Antiretroviral Initiation at ≥800 CD4+ Cells/mm3 Associated With Lower Human Immunodeficiency Virus Reservoir Size

Abstract

Abstract Background Identifying factors that determine the frequency of latently infected CD4+ T cells on antiretroviral therapy (ART) may inform strategies for human immunodeficiency virus (HIV) cure. We investigated the role of CD4+ count at ART initiation for HIV persistence on ART. Methods Among participants of the Strategic Timing of Antiretroviral Treatment Study, we enrolled people with HIV (PWH) who initiated ART with CD4+ T-cell counts of 500–599, 600–799, or ≥ 800 cells/mm3. After 36–44 months on ART, the levels of total HIV-DNA, cell-associated unspliced HIV-RNA (CA-US HIV-RNA), and two-long terminal repeat HIV-DNA in CD4+ T cells were quantified and plasma HIV-RNA was measured by single-copy assay.
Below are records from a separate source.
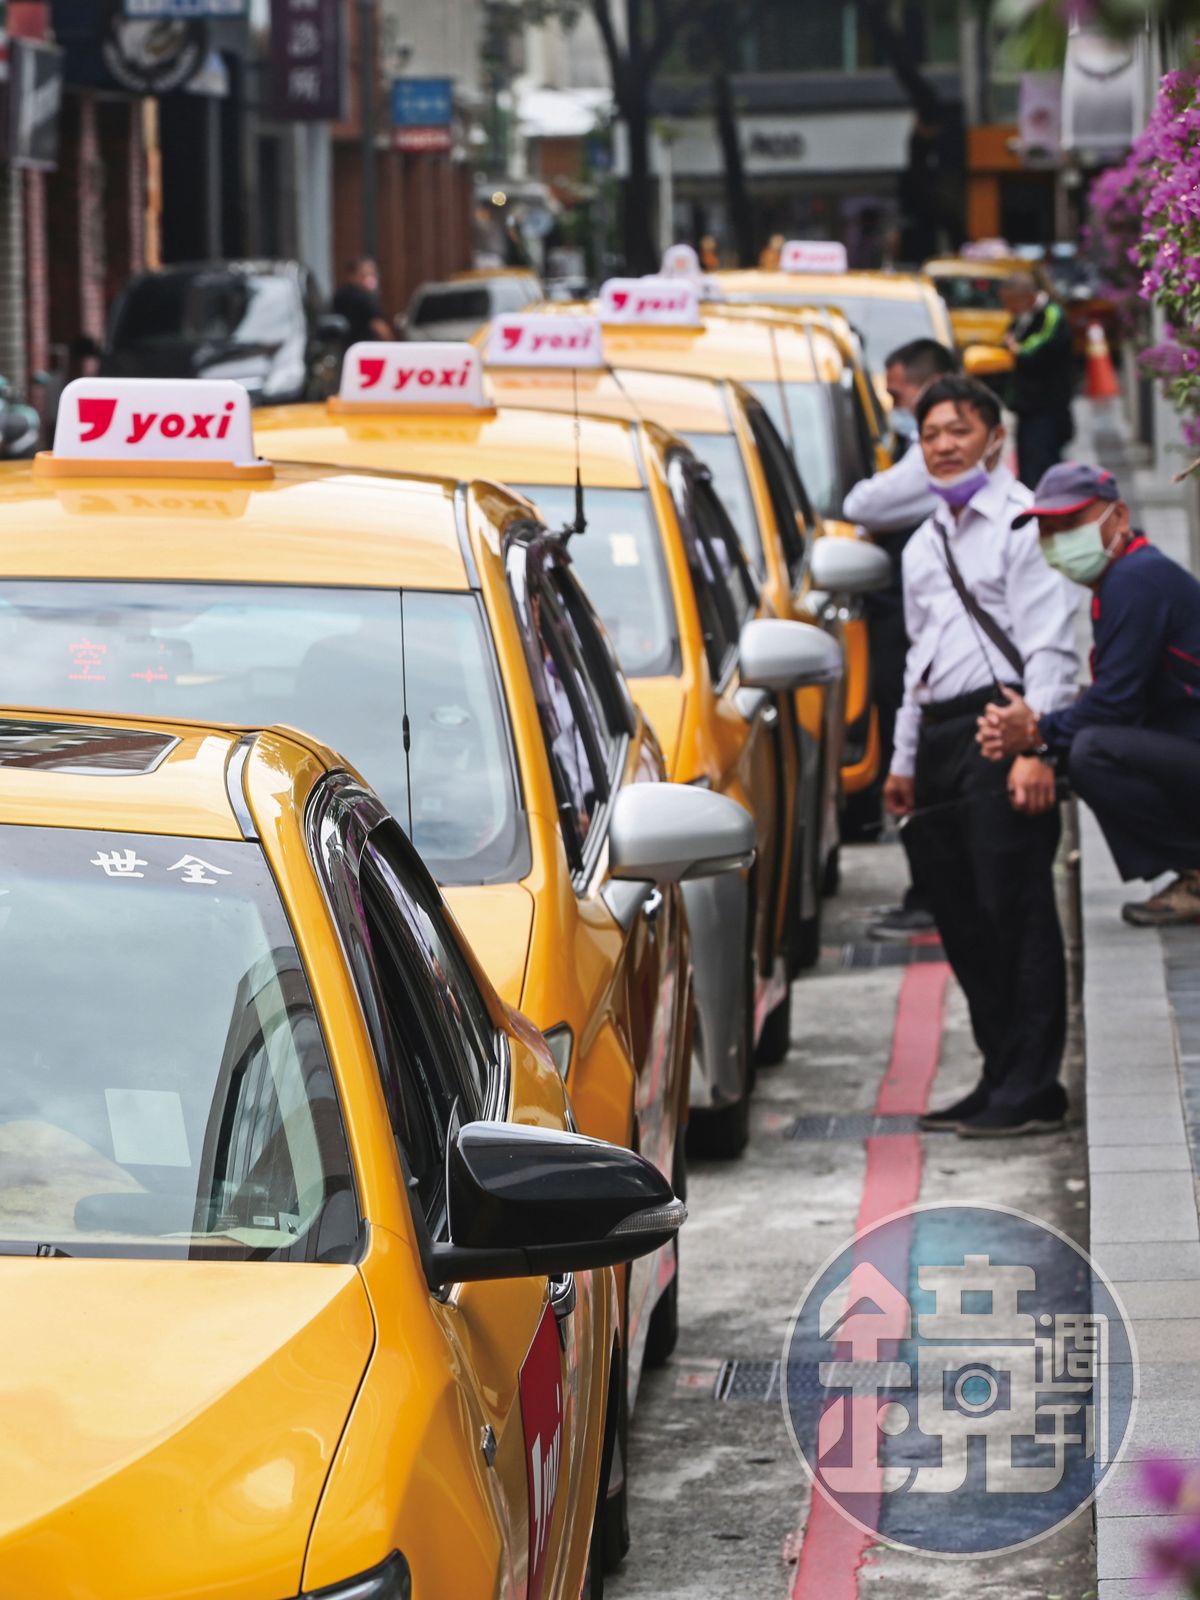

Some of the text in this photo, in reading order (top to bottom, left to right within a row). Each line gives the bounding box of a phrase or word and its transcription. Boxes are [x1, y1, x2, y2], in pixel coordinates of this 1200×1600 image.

[288, 0, 320, 103] 診所
[634, 293, 689, 314] yoxi
[530, 328, 594, 352] yoxi
[393, 360, 473, 391] yoxi
[125, 401, 236, 444] yoxi
[90, 848, 233, 885] 世全
We measured T-cell expression of Human Leucocyte Antigen-DR Isotype (HLA-DR), programmed death-1, and phosphorylated signal transducer and activator of transcription-5 (pSTAT5). Virological and immunological measures were compared across CD4+ strata. Results We enrolled 146 PWH, 36 in the 500–599, 60 in the 600–799, and 50 in the ≥ 800 CD4 strata. After 36–44 months of ART, total HIV-DNA, plasma HIV-RNA, and HLA-DR expression were significantly lower in PWH with CD4+ T-cell count ≥ 800 cells/mm3 at ART initiation compared with 600–799 or 500–599 cells/mm3. The median level of HIV-DNA after 36–44 months of ART was lower by 75% in participants initiating ART with ≥ 800 vs 500–599 cells/mm3 (median [interquartile range]: 16.3 [7.0–117.6] vs 68.4 [13.7–213.1] copies/million cells, respectively). Higher pSTAT5 expression significantly correlated with lower levels of HIV-DNA and CA-US HIV-RNA. Virological measures were significantly lower in females. Conclusions Initiating ART with a CD4+ count ≥ 800 cells/mm3 compared with 600–799 or 500–599 cells/mm3 was associated with achieving a substantially smaller HIV reservoir on ART.